Read on here from several individuals about using white sand as a substrate, but also read that the sand needs thoroughly washed. I'm looking for suggestions on how to do this as I'm not sure what to use to strain the sand during rinsing! Any help would be greatly appreciated!

Thanks in advance guys!

Savage


----------



## I Can Mate (Apr 8, 2010)

i haved used both pool filter sand and regular play sand and with my experience pool filter sand u dont need to rinse and has a larger grain. the play sand however needs good rinsing and i prefer not to get just because its messy.


----------



## Piranha_man (Jan 29, 2005)

I use Tahitian Black Moon Sand exclusively now in all my tanks.
It's gorgeous.

The white stuff is cool too.

Best way to rinse it that I've found is to simply put it in a bucket and fill it with water like from a hose... stir it up with your hand, let it settle (only takes a couple seconds for it to settle) and pour out the top water portion... repeating this several times until the water is clear.


----------



## sapir (Jun 20, 2008)

pool filter sand wont get sucked into your filter, if you have fast moving big fish they will for sure kick up the play sand causing it to get sucked up. if you decide to go with pool filter sand you still need to wash it trust me.


----------



## SavageSerrasalmus69 (Aug 3, 2010)

Thanks guys, trying it now. Time consuming but I thinks its gonna work! Much appreciated!

Savage


----------



## platinum1683 (Nov 17, 2006)

Yeah I have used pool filter sand too.

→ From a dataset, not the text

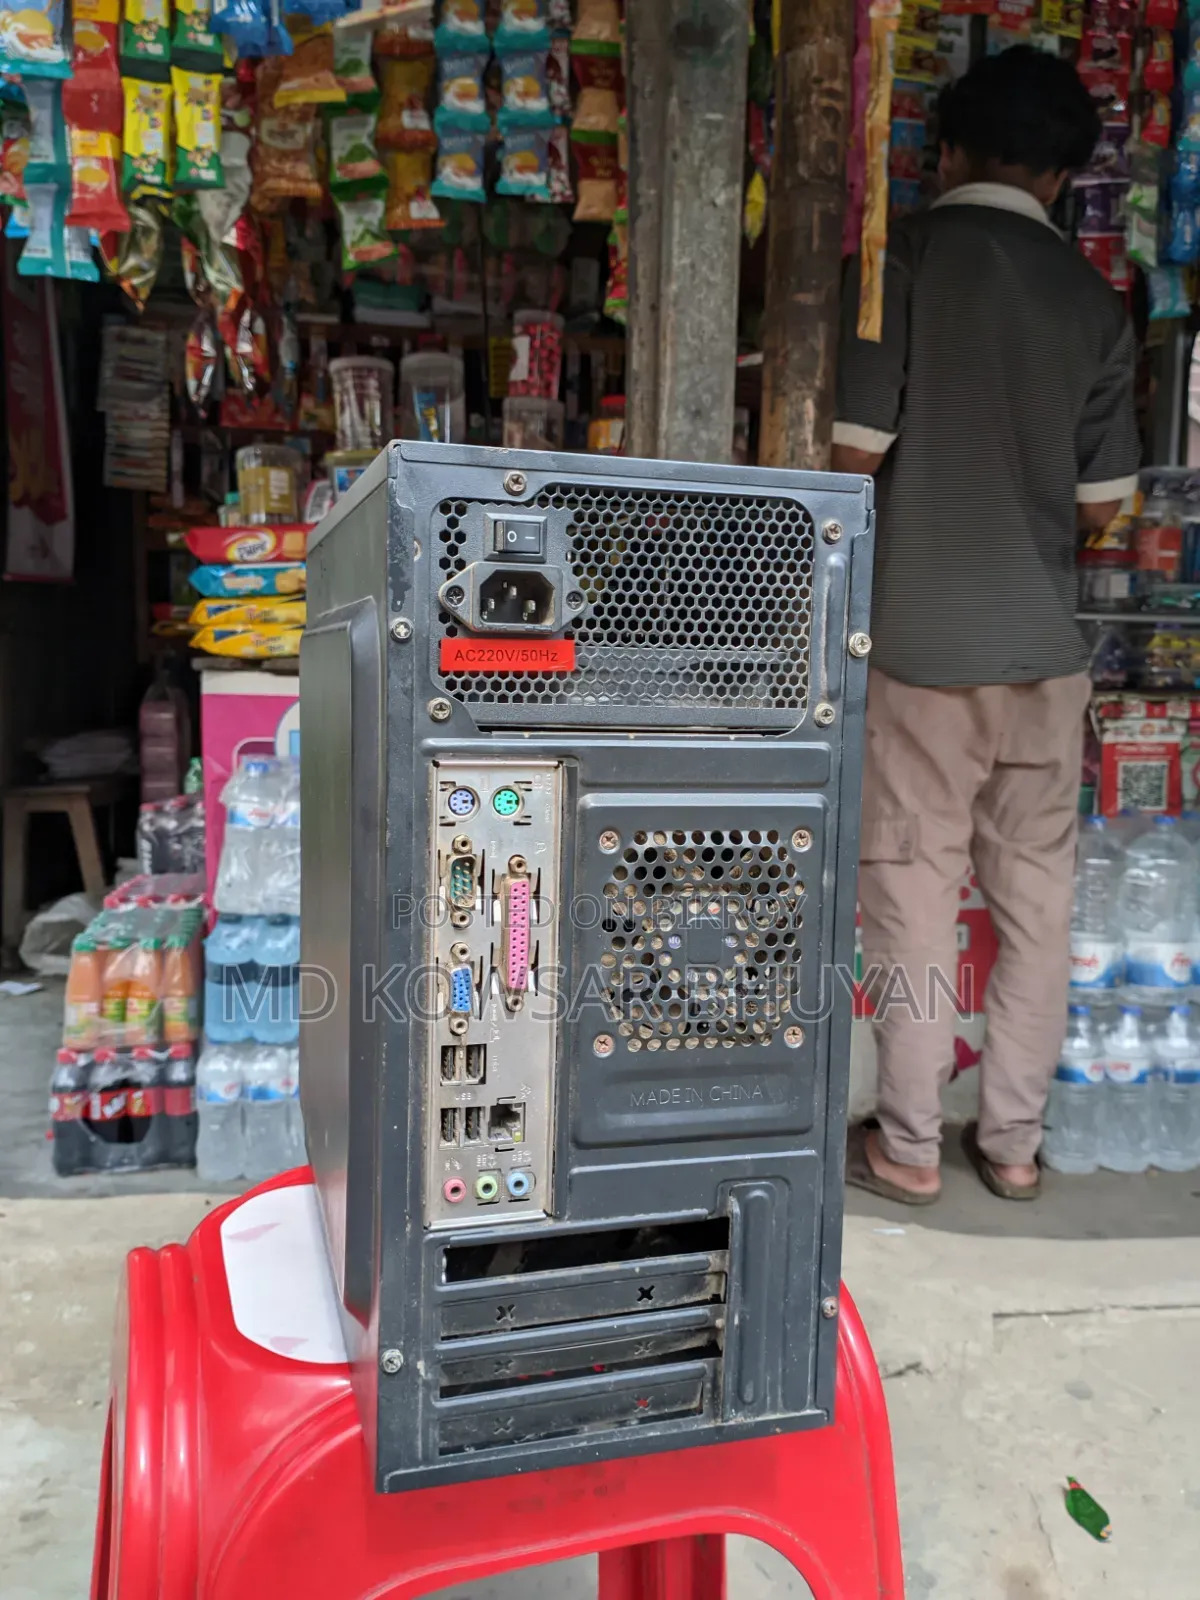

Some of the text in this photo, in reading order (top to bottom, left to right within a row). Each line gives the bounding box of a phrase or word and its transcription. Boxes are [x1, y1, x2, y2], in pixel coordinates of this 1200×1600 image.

[453, 649, 559, 662] AC220V/50Hz
[629, 1084, 763, 1107] MADE IN CHINA

You have to rinse it out in a bucket like piranha man said. Its not too bad to clean, but algae started growing on mine and I ended up taking it out.


----------



## Jhowell (Jul 5, 2009)

I just out in activ flora substrate because I am going to have a planted tank and its been cloudy for 2 days straight. Complete black cloud after 2 water changes. AKA do not buy activ flora, i EVEN washed it out and its still not clean!!


----------



## Piranha_man (Jan 29, 2005)

^^ Is that why your eye is all bugged out like that?


----------



## Talonfal (Jul 17, 2010)

Im setting up a new 55 gallon tank over the next few days and ive been thinking about sand also. i stumbled across Eco Complete Planted Black Aquarium Substrate and im just wondering if any of you have experience with this type. Im going to plant my tank out so if this works like it says it does it should do awesome.

http://www.petco.com/product/111998/Eco-Complete-Planted-Black-Aquarium-Substrate.aspx?CoreCat=certona-_-ProductList_Fish_1-_-Eco%20Complete%20Planted%20Black%20Aquarium%20Substrate-111998#BVRRWidgetID


----------